SECURING YOUR HOME
Team up old-school safety smarts with digital tools
Every homeowner deserves to feel safe and secure inside their residence. Unfortunately, in a world where criminals don’t hesitate to prey on those who aren’t well protected from break-ins, some forethought, behavior change and modifications to your property are likely needed to help protect you from potential invaders. While digital tools abound, don’t forget to take common-sense measures to stay safe.
Start with the basics
Begin your safety assessment with these routine precautions:
- Always lock all doors and windows when leaving home or retiring for the night.
- Install high quality door locks.
- Supplement the locks on sliding doors with a commercial slide blocking device, available online or from home stores, or a length of heavy dowel (an old broom handle will do) fitted into any sliding door’s lower slide channel.
- Set timers on a couple of lamps when you are going to be away after dark. Timers with “random-on-time” settings are preferred if you are going to be away from home several days in a row. For long-term use, choose timers that are ambient light sensitive so the “on” time will vary as daylight patterns change.
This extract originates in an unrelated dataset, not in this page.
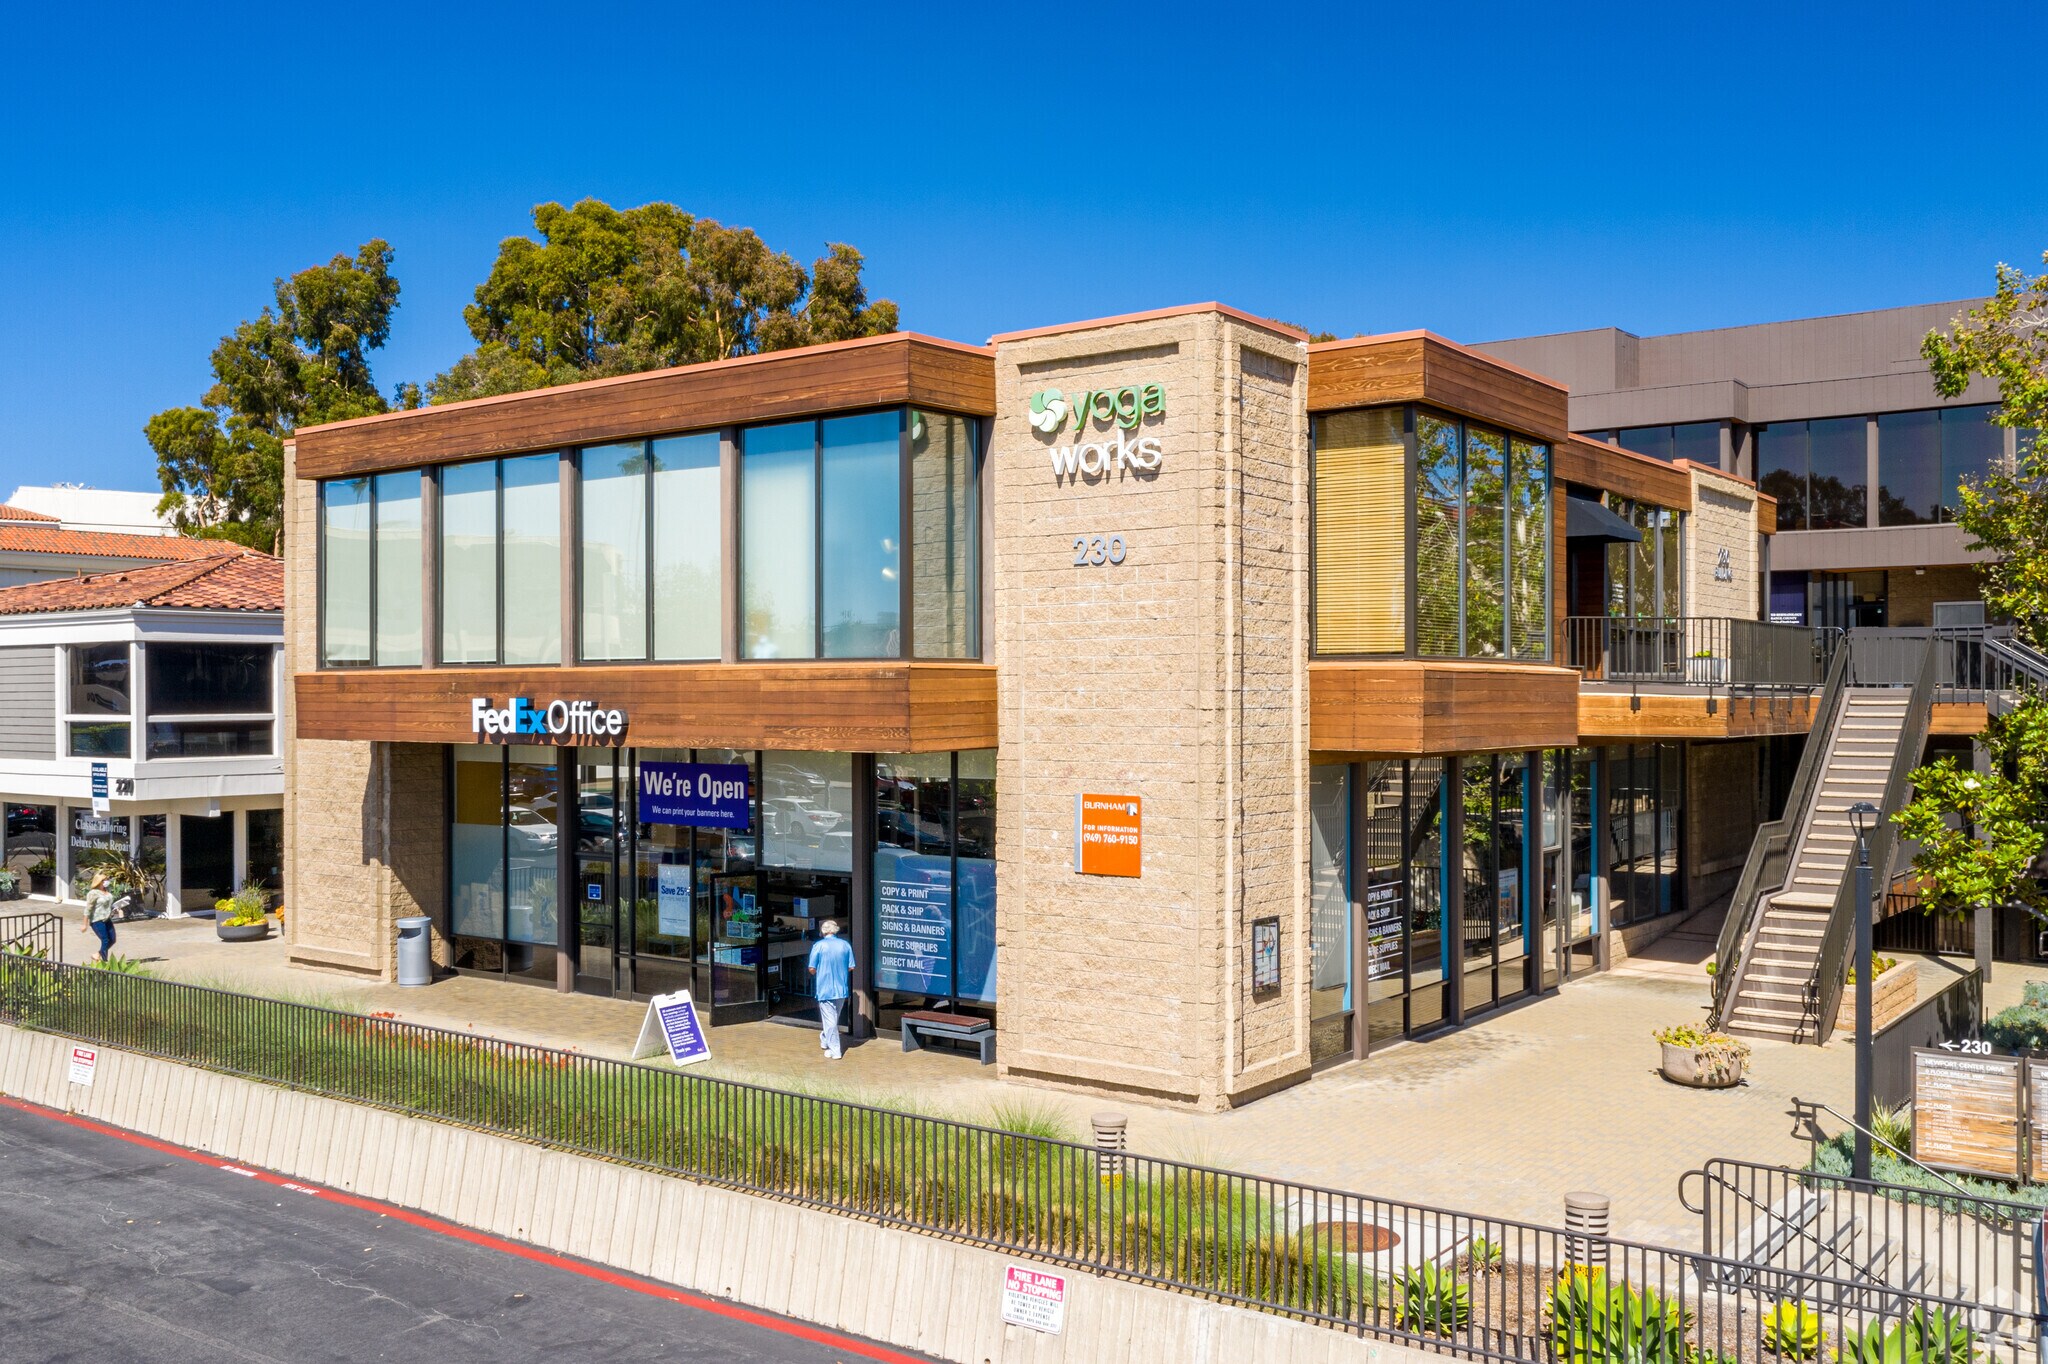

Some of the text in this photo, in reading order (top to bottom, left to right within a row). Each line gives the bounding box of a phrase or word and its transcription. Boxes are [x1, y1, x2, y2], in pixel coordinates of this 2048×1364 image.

- Don’t let mail or packages pile up while you’re away. Stop your mail or have a neighbor gather up packages if you’re on vacation.
- Carefully conceal any hidden keys (definitely not under the doormat, above the door or in some other obvious location).
- Illuminate areas where a burglar might crouch near your doors and windows. Motion-detecting fixtures or bulbs inexpensively provide responsive lighting outside your home.
- Periodically trim back shrubbery that might otherwise provide convenient screening for a break-in artist.
- Keep valuables out of sight in a hidden spot, home fire safe or bank safety deposit box.
Fight daytime break-ins
“FBI statistics show that the vast majority of break-ins occur during the day, when people are away from home,” notes Lt. Scott Arnes of the Bedford County Sheriff’s Department. “So locking up when leaving home is a no-brainer.”
In addition to locking up, you can also protect your home in the daytime with digital home-security devices. Prices for outdoor and indoor security monitoring cameras are steadily decreasing; most offer “apps” that will alert your smartphone whenever suspicious activity is detected and capture images of potential intruders. Additionally, signs indicating that your property is being monitored can be effective deterrents: FBI statistics show that 83% of would-be burglars avoid homes with security systems when selecting their targets.
Modern home security systems fall into three main categories:
- Wired local alarm system. This most-basic setup includes sensors on doors and windows that will set off an audible alarm when tripped. These alarms are not connected to a central monitoring station or any company operators and cannot be controlled remotely. Such systems rely on a piercing sound to warn intruders they’ve been detected and suggest that law enforcement may be on the way.
- Wired digital alarm system. These systems incorporate multiple sensors connected to a central control panel that can shut off the system or alert authorities of an intrusion. Upon detection of a break-in or fire, they typically communicate with a monitoring call center that notifies appropriate responders and/or takes other action the homeowner may have specified.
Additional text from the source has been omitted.